Well, to swear in church, this is where the advantage of digital comes in to play, because you can test and test and test until you get it right, instantly.
I learned to use my studio gear myself trough a couple of basic books, time, willing friends and trial and error.
After a few years now. I know what to expect, but I still don't shoot studio photos with film unless I double-check everything with my 1ds MK II first, if the light or exposure is wrong, it's poop in - poop out and a waste of film, time and money.
I've never really seen any great learning videos on studio lighting to be honest. There are many, but this is like cooking; You know what you want, you need to learn how to get there, sort of.
The only really great and inspiring video I'v seen on studio-stuff is Thorsten Ott's tutorials on light and equipment.

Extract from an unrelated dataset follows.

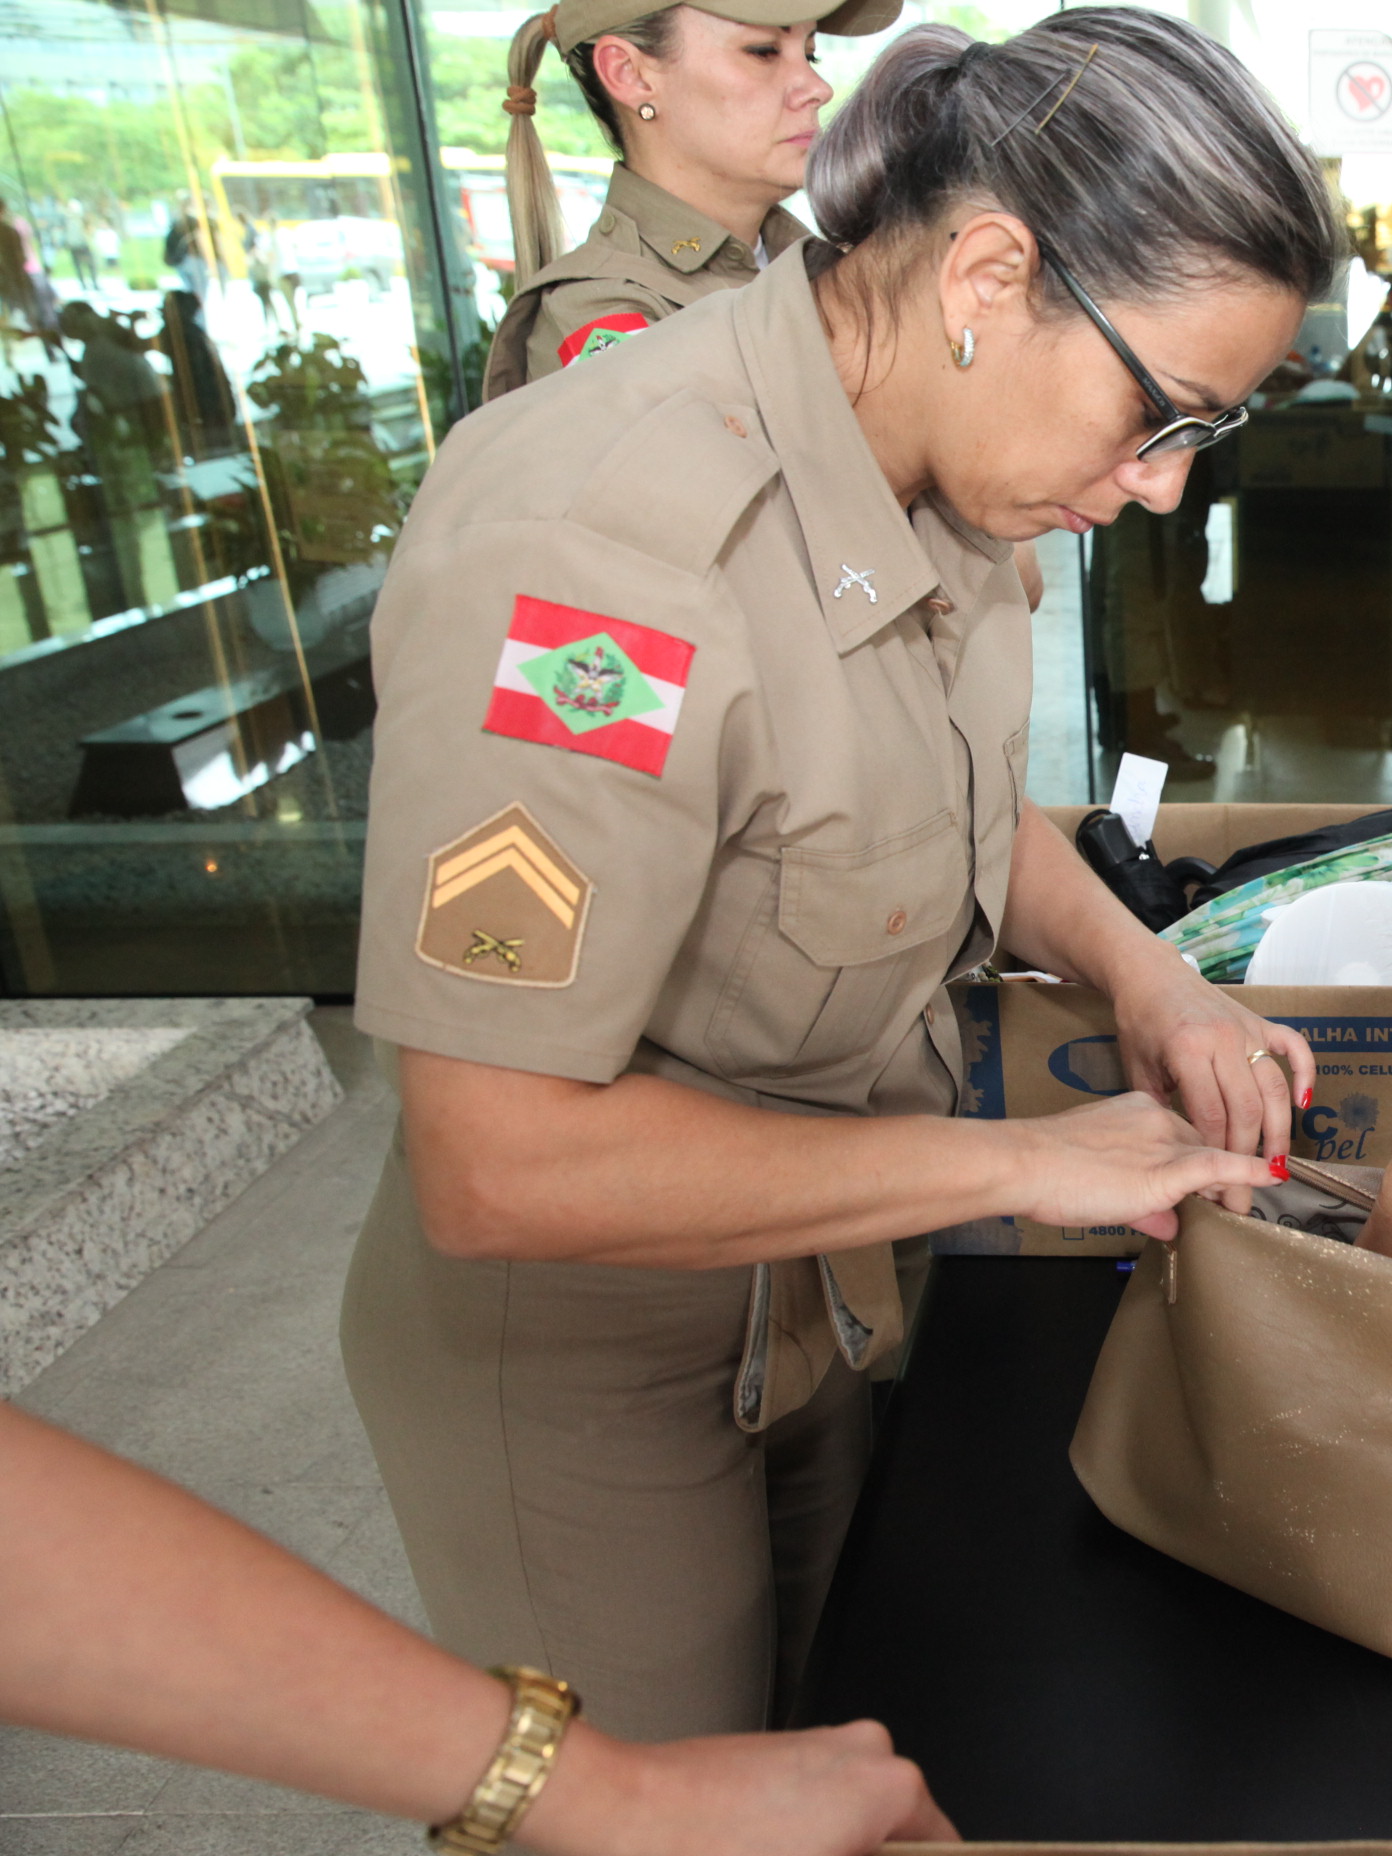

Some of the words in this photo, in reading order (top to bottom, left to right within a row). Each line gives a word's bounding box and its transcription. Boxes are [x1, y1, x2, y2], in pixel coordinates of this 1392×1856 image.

He provides schematics and explanations along the way and the final result is really something that makes you want to start shooting straight away.
I do think though, that if you've never really used studio lights before, even Thorstens video's can be a little more on the advanced side.
Still highly reccomended! (here's a preview):
I also have the DVD's from Dean Collins, but they are very technical and to be honest, I didn't get much benefit from them at the time I was viewing them, may be different now though.
Also, buy a good book, for example this one (I own it myself):
Study it and then check out Thorsten's video.
Still, you need to practise, a lot, to get a good feel for how things work together and what kind of effect various modifiers make.